======== Recorded information ========
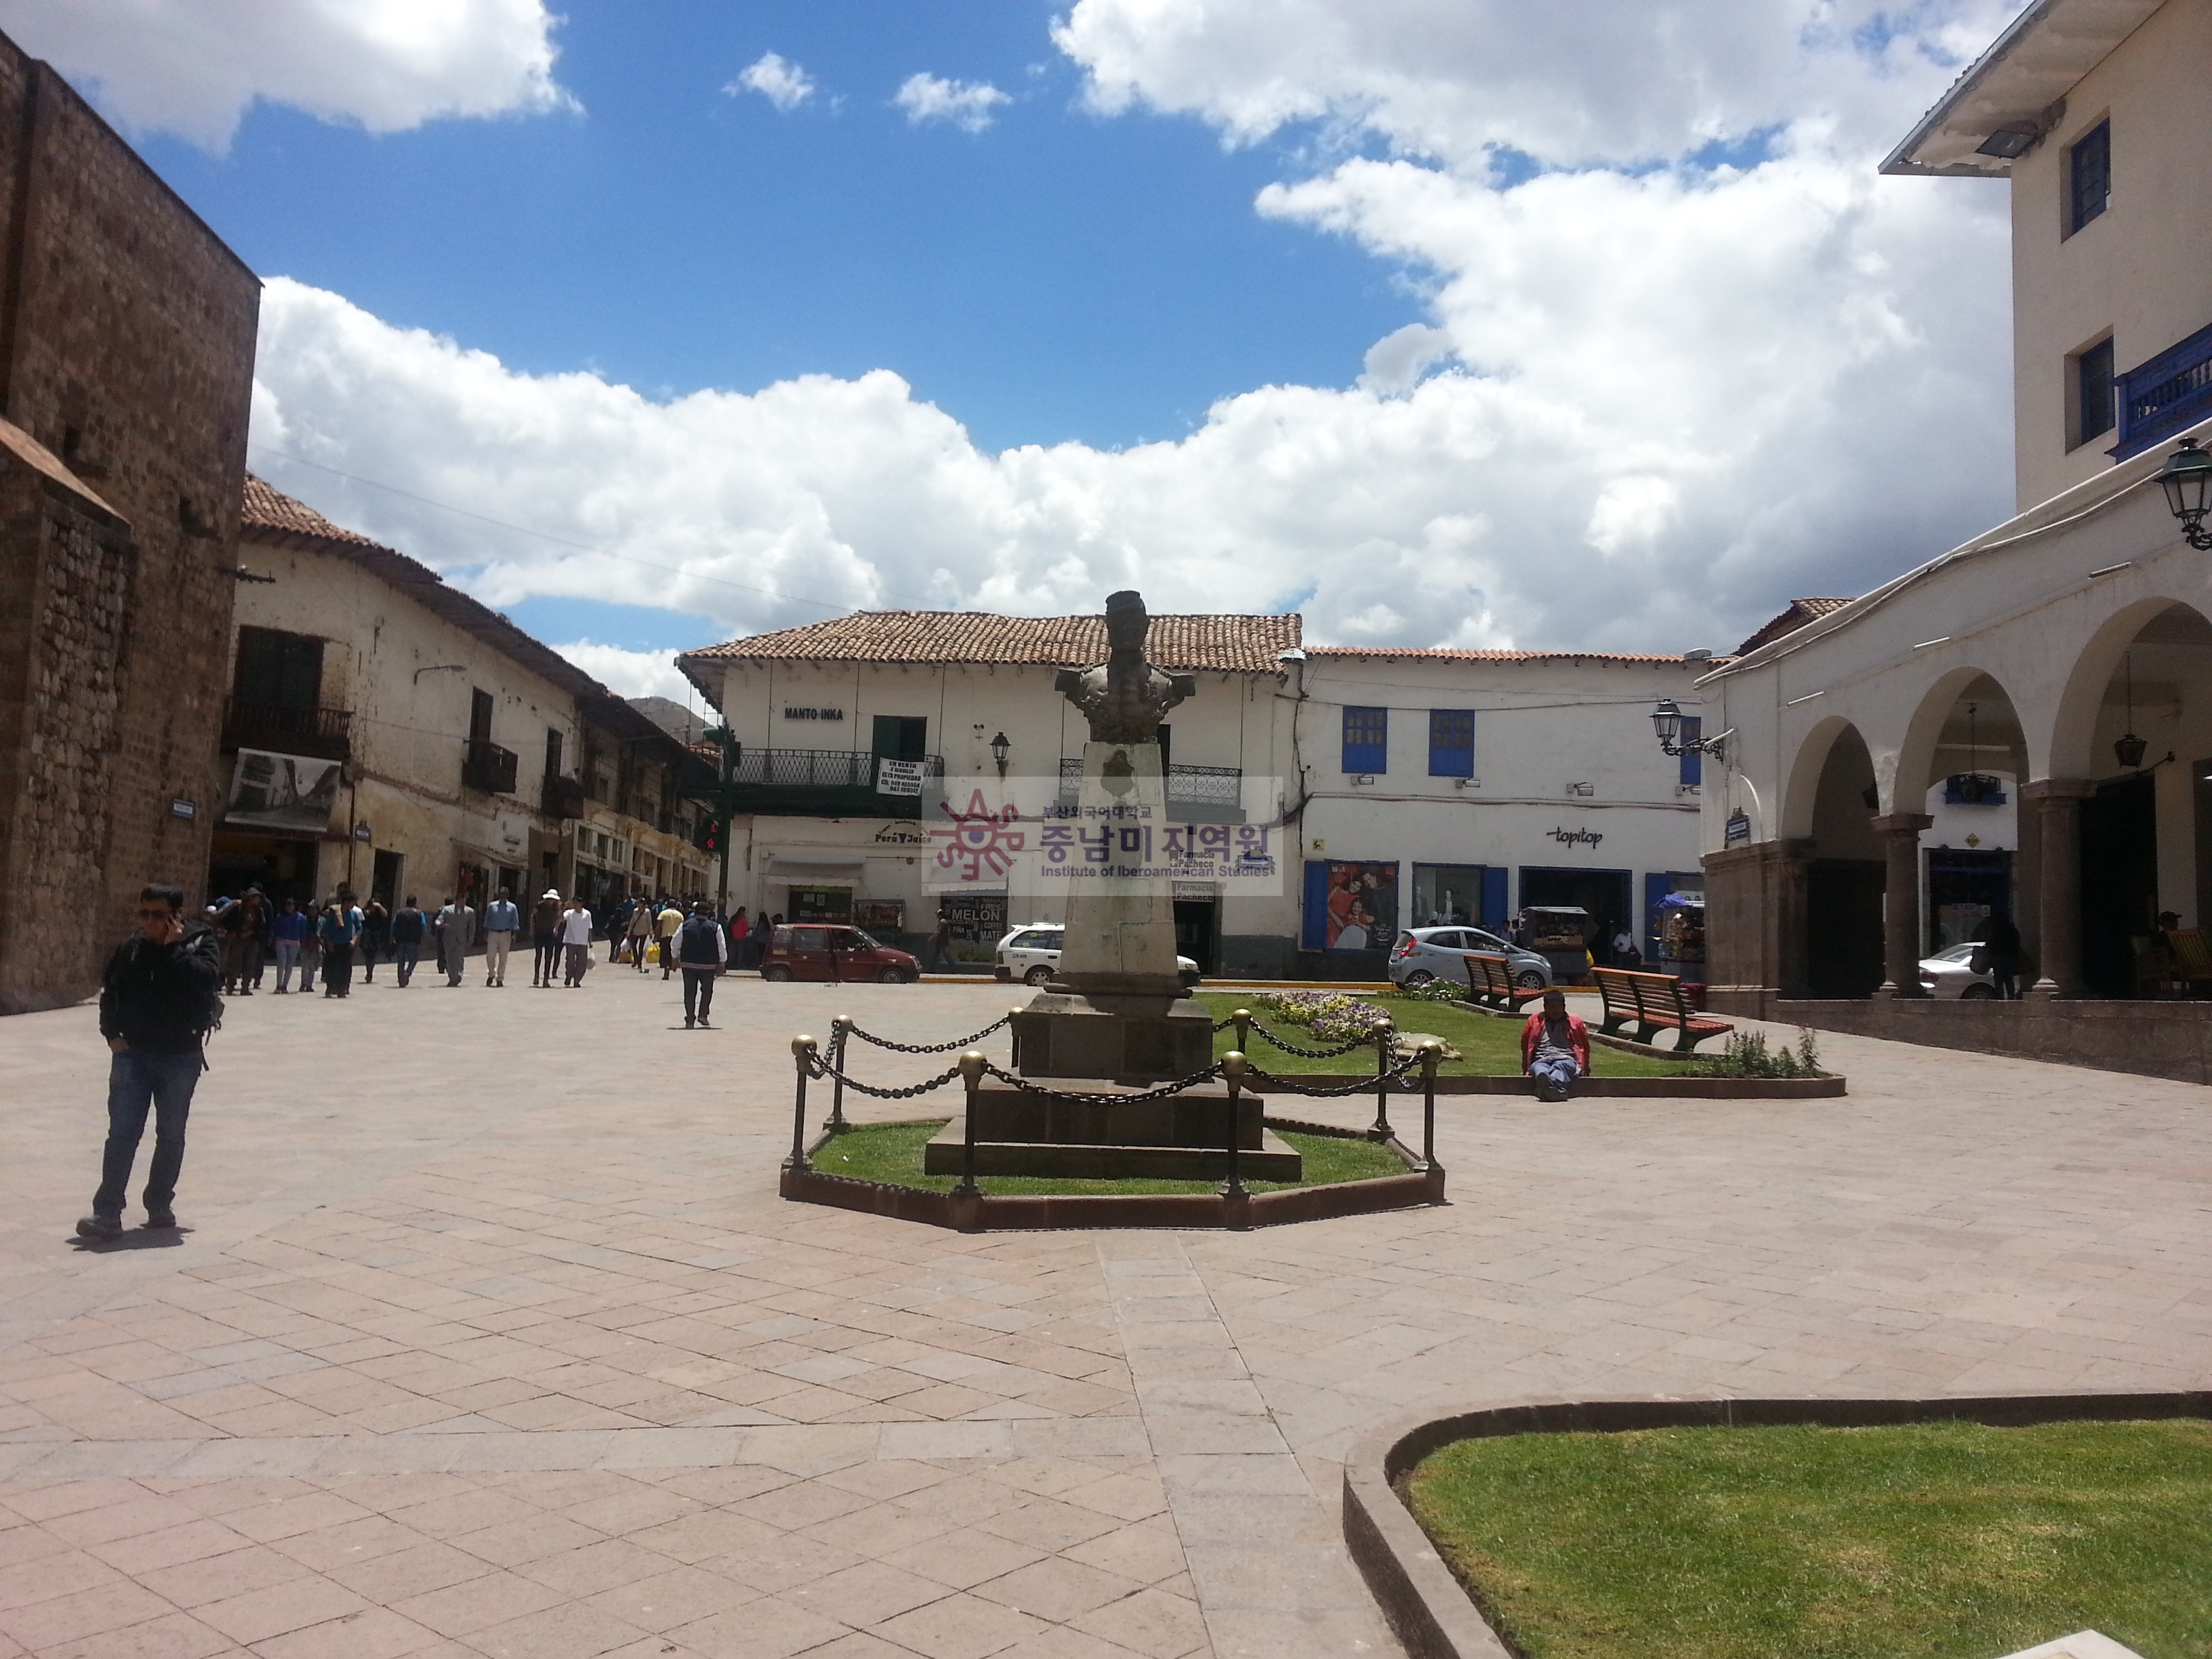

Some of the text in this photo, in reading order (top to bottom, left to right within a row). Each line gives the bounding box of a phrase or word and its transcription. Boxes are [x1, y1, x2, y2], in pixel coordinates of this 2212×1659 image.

[785, 708, 843, 720] MANTO INKA
[875, 832, 932, 843] Perú Juice
[1546, 826, 1603, 849] topitop
[1179, 850, 1215, 859] Farmacia
[1179, 859, 1214, 868] Pacheco
[1176, 883, 1213, 892] Farmacia
[1176, 893, 1213, 901] Pacheco
[951, 909, 1000, 921] MELON
[981, 930, 1002, 941] MATE
========
The records above are to be restated word for word, with every picture left out.

▶ _Completed task_
Some of the text in this photo, in reading order (top to bottom, left to right within a row). Each line gives the bounding box of a phrase or word and its transcription. Boxes are [x1, y1, x2, y2], in pixel coordinates of this 2212×1659 image.

[785, 708, 843, 720] MANTO INKA
[875, 832, 932, 843] Perú Juice
[1546, 826, 1603, 849] topitop
[1179, 850, 1215, 859] Farmacia
[1179, 859, 1214, 868] Pacheco
[1176, 883, 1213, 892] Farmacia
[1176, 893, 1213, 901] Pacheco
[951, 909, 1000, 921] MELON
[981, 930, 1002, 941] MATE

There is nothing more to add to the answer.